Lain's Log

Light & Dark

June 3/11

I don't often get philisophical or super serious with this blog. Would much rather laugh, flirt, have fun, be spontaneous and playful, but today calls for something a little different.

To try and describe the emotion of the past 24 hours is pretty much impossible. Apart from the whole cancer thing (which is "on hold" till more test results on June 14th), there's been a lot of ups and downs. Plenty of tears. Sometimes bathed in light, and seconds later, concealed in darkness.

Light & dark

My sister Carrie's boyfriend, Paul Nodwell, was able to sum up a bit of how I've been feeling in an email he sent me a number of weeks ago. Among many things, Paul is an artist. An extraordinary painter. When he first learned of my diagnosis (back in March), he put feelings and emotions into words, using artistic analogies. I really like and appreciate what he said and it seems to fit the situation (and my mood) today.

Carrie with her boyfriend - artist Paul Nodwell

"The challenge of creating a great painting Lainey is the challenge of ALWAYS looking for the light. The bright side of a dark scene. The dappled light when you think you're in shade. That one ray that cuts through a dark canopy of trees. Funny thing is? it's always there. Even in a storm".

I know Paul is right, but sometimes it's challenging to find your way INTO that light, or even see it at all. Waves of sobs hit me while driving home yesterday after signing the paperwork to sell Mum's beloved home. But later, in thinking about it, I know we HAVE to, it's the right thing to do, for closure and to move on and go forward with our lives.

Here's the problem. Of the thousands of things I do badly, TOPS on the list is letting go of the past. (just ask anyone!) Second to that, is saying goodbye.

And what do I do BETTER than anything? You got it. Cry! (sadly, I've never known how to cry "on cue" - otherwise, I could have been an Oscar-winning actress). It ONLY happens when it's for real and from the heart and soul.

So, what do you think you get when you put this triple combo together? - (Being expert at not letting go and saying goodbye PLUS tears)? Yep. Ka-BOOM!
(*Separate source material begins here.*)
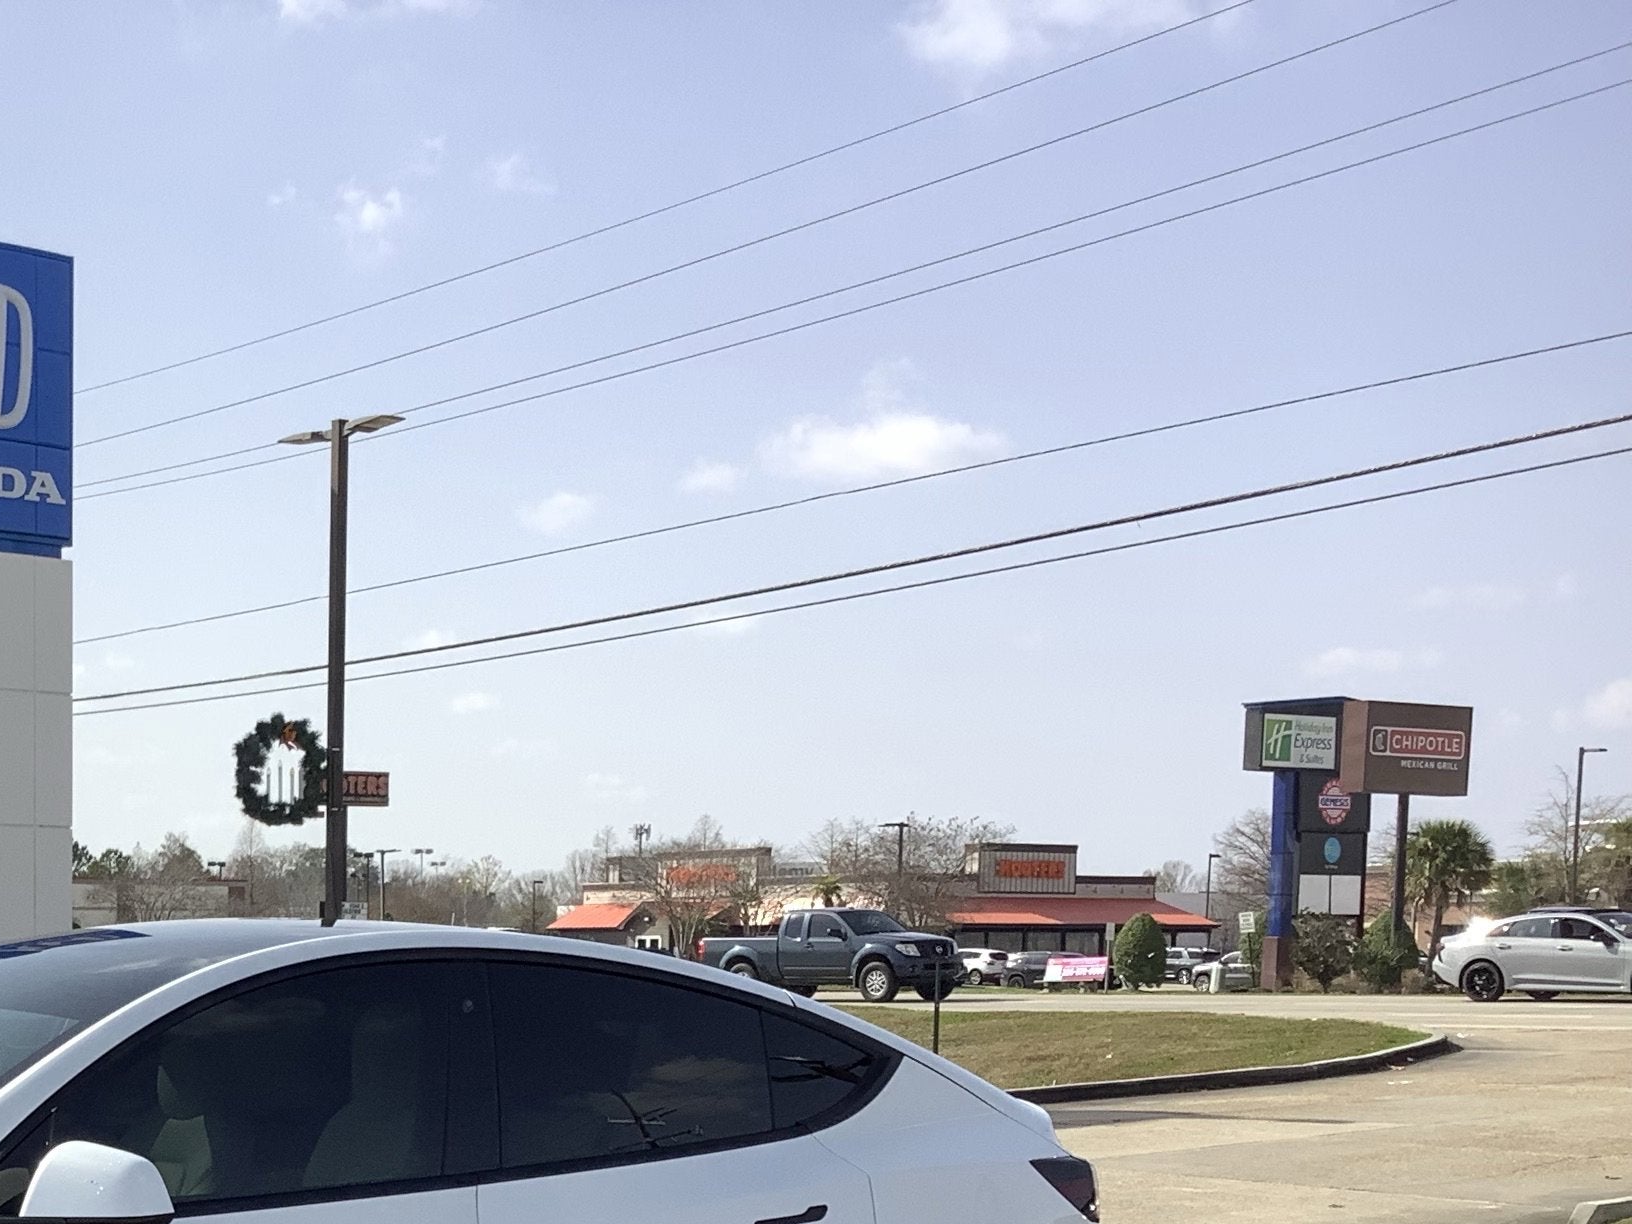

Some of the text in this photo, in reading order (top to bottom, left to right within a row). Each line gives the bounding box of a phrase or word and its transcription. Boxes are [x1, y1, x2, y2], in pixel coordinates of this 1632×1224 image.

The shots I posted yesterday, showed Carrie and me looking fairly "together" about the whole selling-the-house thing. But on the INSIDE, we were feeling more like THIS. (even worse actually, 'cuz we were just kinda clowning for the camera).

Letting go and saying goodbye sucks

Just hours after getting the house on the market, I had to attend the funeral for Joan Rogers, the mother of my old high school friend, Dean Rogers. The juxtaposition of signing the paperwork to sell Mum's place, (and in the process, remembering her horribly sad death) - plus the emotional farewell to Dean's Mother, was a bit much to take in all at once.

The funeral was held at the stunning Yorkminster Park Baptist Church, (where Joan Rogers worshipped and volunteered her time for decades).


Only a week ago, my high school pal, Dean and I were laughing at standup comics. Now, we're together, mourning the loss of his Mum

Dean, his brother, Brian and sister, Carol, all bravely addressed the large crowd of mourners, reminiscing about her wonderful life and her caring, giving nature. I was astounded they made it through their speeches without losing it completely. Each time we were asked to stand and sing a hymn, I couldn't sing a note. The organ music was overwhelming and all of this seemed too close to home for me. When they launched into All Things Bright and Beautiful, (a favourite hymn of Mum's), it was all I could do not to break down.

Anyone who knew my Mum, was well aware of her love of "all creatures great and small," (especially birds), so when the congregation hit those words:

Each little flower that opens,
Each little bird that sings,
He made their glowing colours,
He made their tiny wings, - hoo boy. Let's just say, it was very moving.

One of the ministers who spoke, ended by saying something I don't recall ever hearing before. - We should feel gratitude that the death is now over. (and that Joan is out of pain). The minister then asked God to soothe our distress and heal our wounds, and advised us to "Think deeply and love fully." (Two things I try to do every day).

In doing so, maybe we can all eventually find the light in a dark scene.